Groups demonstrating outside the event are focused on issues like climate change, housing and homelessness, better working conditions for security workers and more. Seattle City Councilmember Kshama Sawant, who faced off against Amazon during the contentious debate over a head tax on the city’s largest employers, briefly took part in protests outside the company’s annual meeting in Seattle’s Fremont neighborhood.
Protests weren’t confined to outside the event. A group of Amazon employees asking the company to take action on climate change stood in white shirts inside the meeting in support of a shareholder resolution on the topic.
Emily Cunningham an Amazon UX designer and an organizer of the climate change initiative, asked Jeff Bezos to come out onto the stage to hear the proposal before making her case. Bezos, who is expected to give a presentation later in the meeting, did not appear.
We’ll have full coverage from inside the meeting later this morning. GeekWire’s Todd Bishop and Monica Nickelsburg are on the scene.

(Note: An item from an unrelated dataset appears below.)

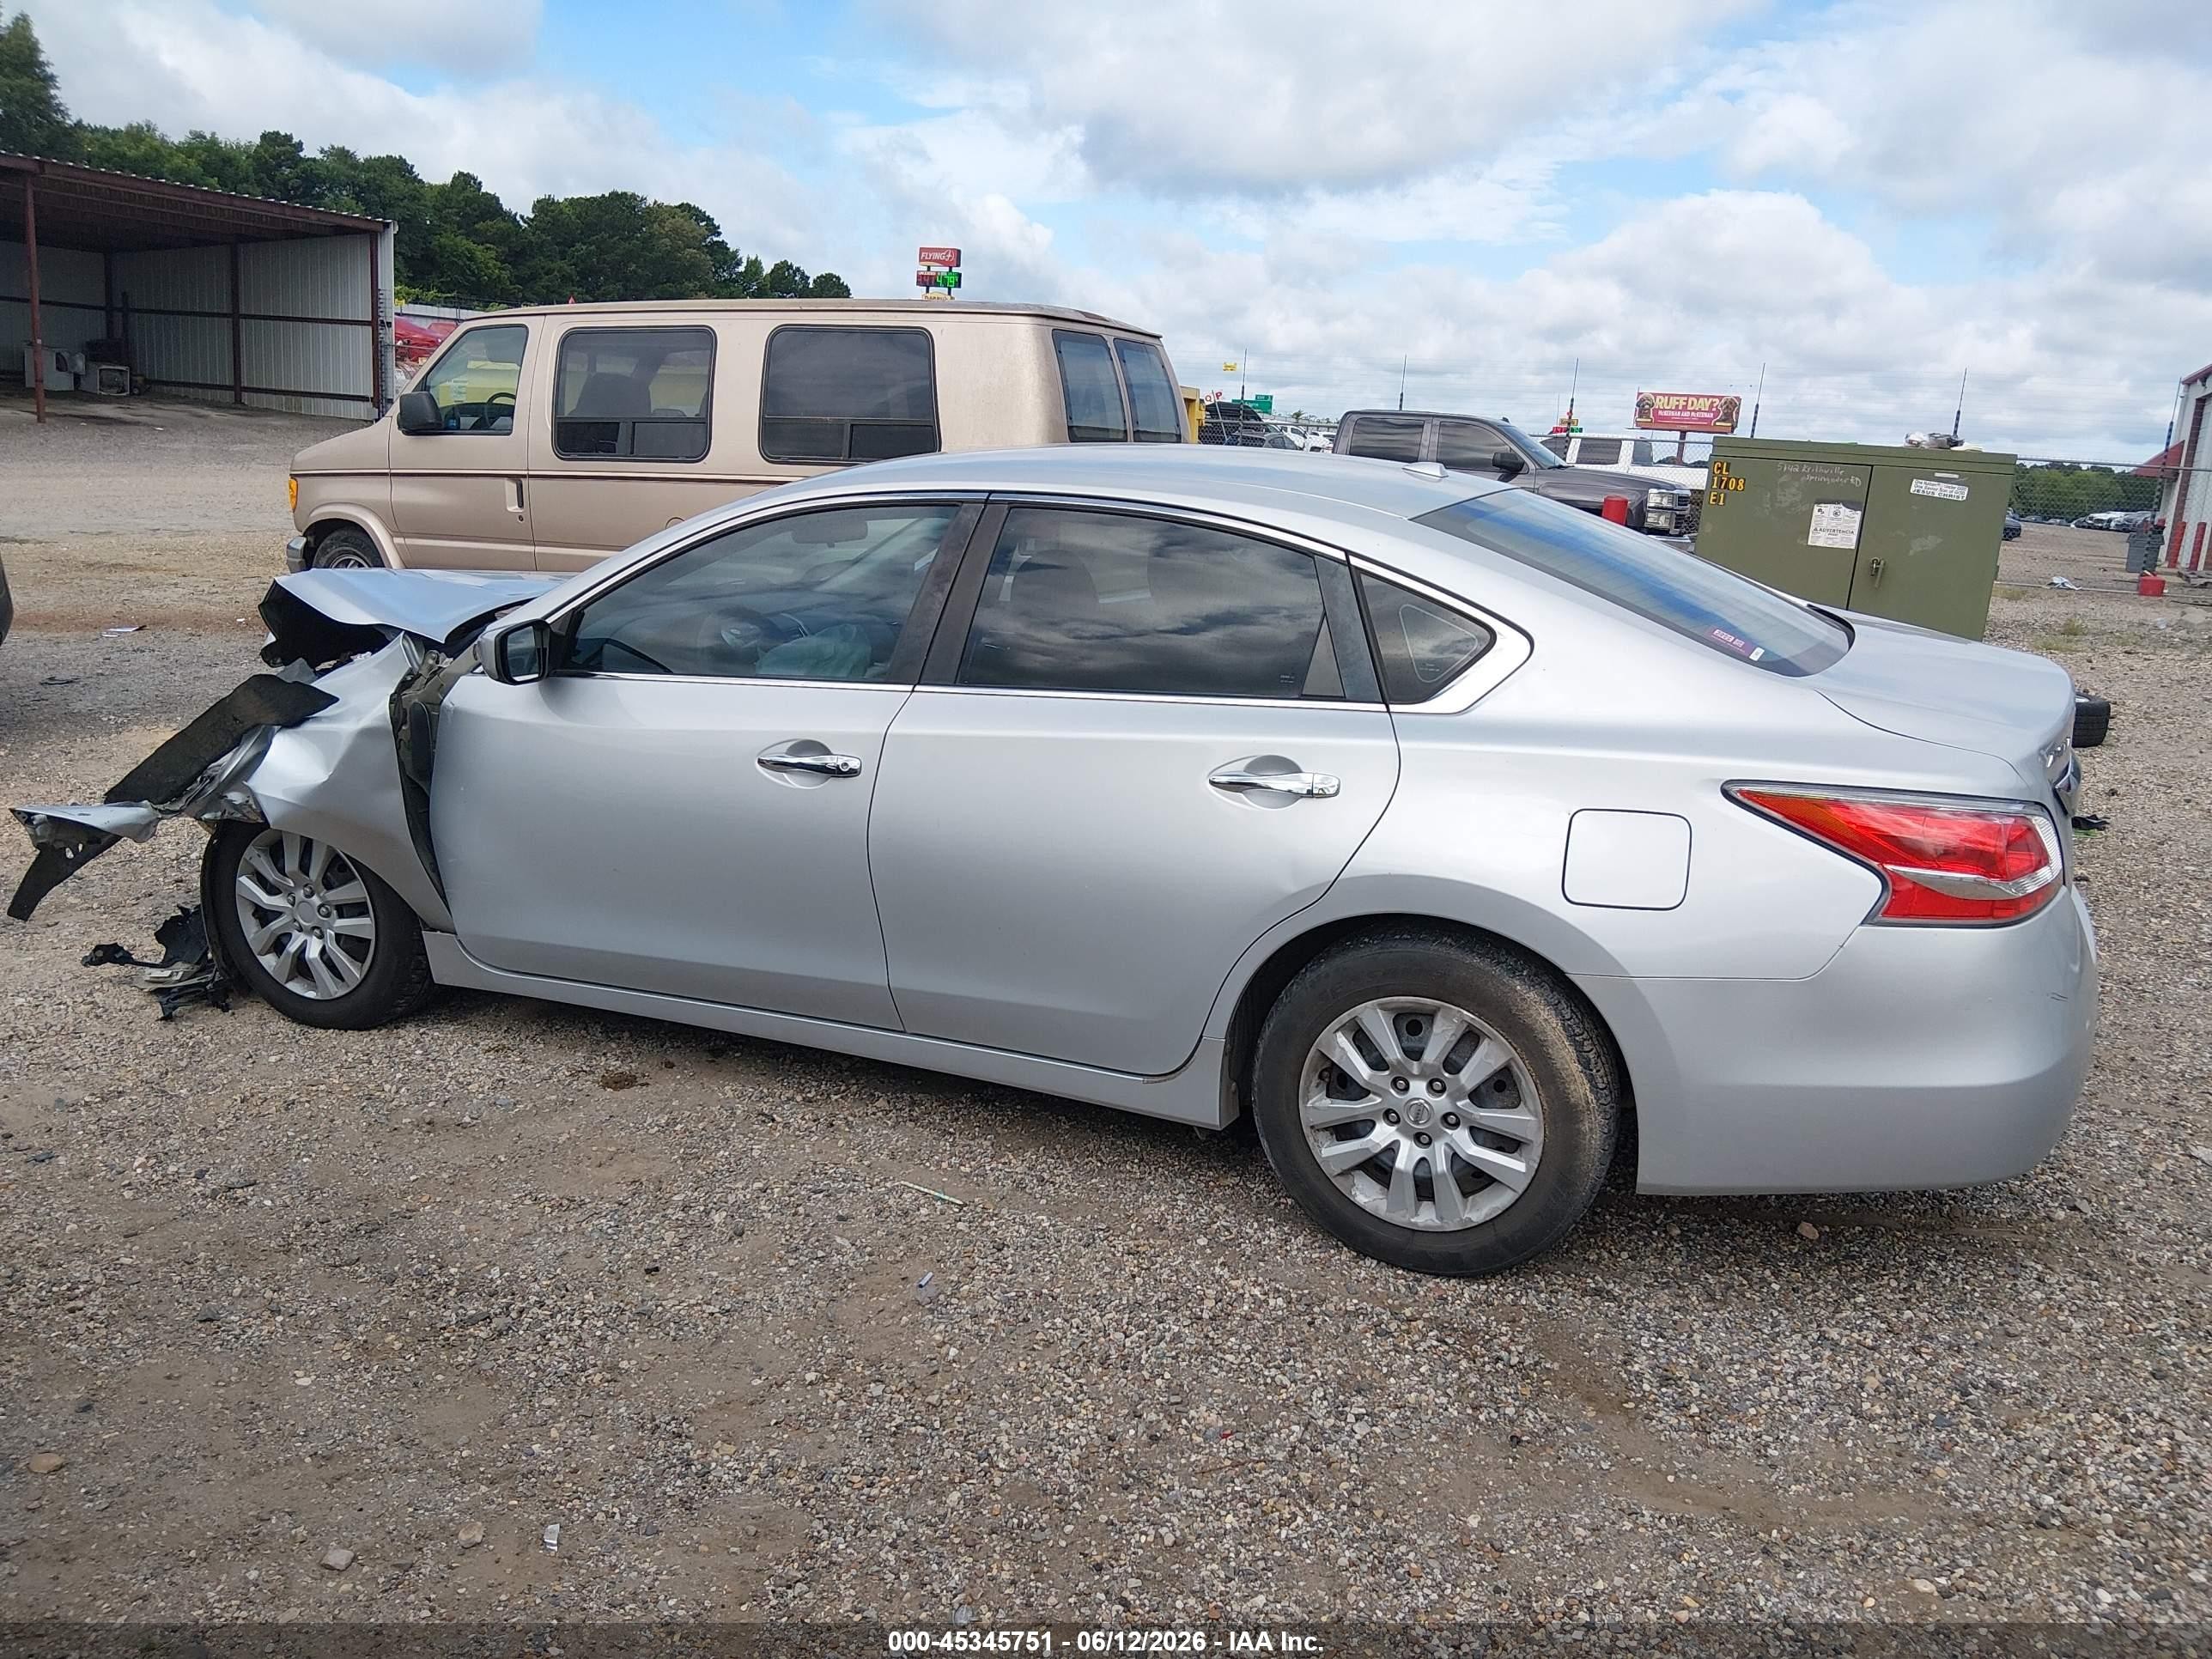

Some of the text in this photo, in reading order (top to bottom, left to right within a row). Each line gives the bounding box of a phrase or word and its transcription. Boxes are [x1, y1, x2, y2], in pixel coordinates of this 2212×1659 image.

[1655, 395, 1718, 411] RUFF DAY?
[1714, 462, 1729, 475] CL
[1711, 477, 1744, 490] 1708
[1710, 492, 1724, 506] E1

Big group of Amazon employees stands in white shirts during annual meeting to support climate change shareholder resolution. Company prohibits photography inside annual meeting and doesn’t webcast proceedings.
— toddbishop (@toddbishop) May 22, 2019
Good morning from Amazon’s annual shareholder meeting in Seattle, where protestors are already gathering. Stay tuned for updates. Pictured: SEIU6 calling out treatment of Amazon security workers. pic.twitter.com/KCwbhlixlV
— GeekWire (@geekwire) May 22, 2019
Seattle City Councilmember Kshama Sawant is here to show support for SEIU6. pic.twitter.com/Dyngp4UOqh
— GeekWire (@geekwire) May 22, 2019
Peter Strand, Miranda Klinck, and Katy Sanlis are here to demand Amazon stop selling facial recognition software to law enforcement. pic.twitter.com/7P9htnq8uQ
— Monica Nickelsburg (@mnickelsburg) May 22, 2019
There are 11 shareholder resolutions included in Amazon’s annual proxy statement, more than any other public company this year. The resolutions focus on Amazon’s controversial facial recognition technology, demands for more action on climate change, salary transparency, and other equity issues.

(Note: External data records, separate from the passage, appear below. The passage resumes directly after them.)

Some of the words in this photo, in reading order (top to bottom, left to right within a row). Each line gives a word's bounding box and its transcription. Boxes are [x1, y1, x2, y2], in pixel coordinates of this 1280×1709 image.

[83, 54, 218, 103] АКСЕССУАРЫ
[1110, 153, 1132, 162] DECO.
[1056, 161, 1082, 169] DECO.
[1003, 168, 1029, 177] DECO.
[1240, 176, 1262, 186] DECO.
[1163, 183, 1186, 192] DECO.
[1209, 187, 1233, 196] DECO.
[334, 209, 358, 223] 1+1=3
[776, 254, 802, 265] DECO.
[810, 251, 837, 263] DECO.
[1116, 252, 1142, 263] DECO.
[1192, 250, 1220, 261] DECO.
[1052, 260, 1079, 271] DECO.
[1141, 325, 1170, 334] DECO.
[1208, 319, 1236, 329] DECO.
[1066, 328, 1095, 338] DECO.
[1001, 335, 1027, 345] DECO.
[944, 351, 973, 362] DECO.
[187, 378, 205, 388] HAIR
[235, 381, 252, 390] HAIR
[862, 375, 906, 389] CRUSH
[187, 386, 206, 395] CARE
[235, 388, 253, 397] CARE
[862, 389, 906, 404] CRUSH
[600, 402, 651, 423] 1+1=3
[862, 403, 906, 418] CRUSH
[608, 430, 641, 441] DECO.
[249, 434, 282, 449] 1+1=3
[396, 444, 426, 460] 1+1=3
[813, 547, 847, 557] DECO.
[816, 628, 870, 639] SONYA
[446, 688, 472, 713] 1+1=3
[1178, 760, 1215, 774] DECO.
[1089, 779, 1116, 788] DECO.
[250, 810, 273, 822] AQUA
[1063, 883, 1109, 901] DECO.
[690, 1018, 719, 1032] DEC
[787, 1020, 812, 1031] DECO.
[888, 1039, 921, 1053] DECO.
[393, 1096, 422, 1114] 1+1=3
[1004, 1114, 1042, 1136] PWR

RELATED: Amazon shareholders seek moratorium on facial recognition sales to government, climate change action and other political goals
More than 7,600 software engineers, managers, designers, and other Amazon workers signed an open letter to CEO Jeff Bezos and the Amazon board of directors calling on the company to adopt a comprehensive climate change plan.

In the proxy statement, Amazon’s board recommends shareholders vote down the resolution because of the environmental programs and commitments already underway at the company. In February, Amazon announced plans to publish its carbon footprint for the first time this year.
In January shareholders filed a resolution asking the company to stop selling its facial recognition software to government agencies until the board has determined that the technology doesn’t pose risks to civil and human rights. The shareholders backing the resolution hold $1.32 billion in Amazon assets, according to Open MIC a non-profit that organized the initiative.
Amazon first introduced its image recognition service in 2016 and enhanced it to handle video recognition at AWS re:Invent 2017. The company says Rekognition “provides highly accurate facial analysis and facial recognition.”
In the proxy statement, Amazon claims that “some of these proposals contain assertions that we believe are incorrect.” The document recommends the board vote down many of the proposals but notes that, “in some cases, we already support some of the initiatives or concerns addressed in such proposals, and may already have taken actions that we believe address the underlying concerns of a proposal, but we may disagree with how the proposal seeks to prescribe the manner in which we address the issue.”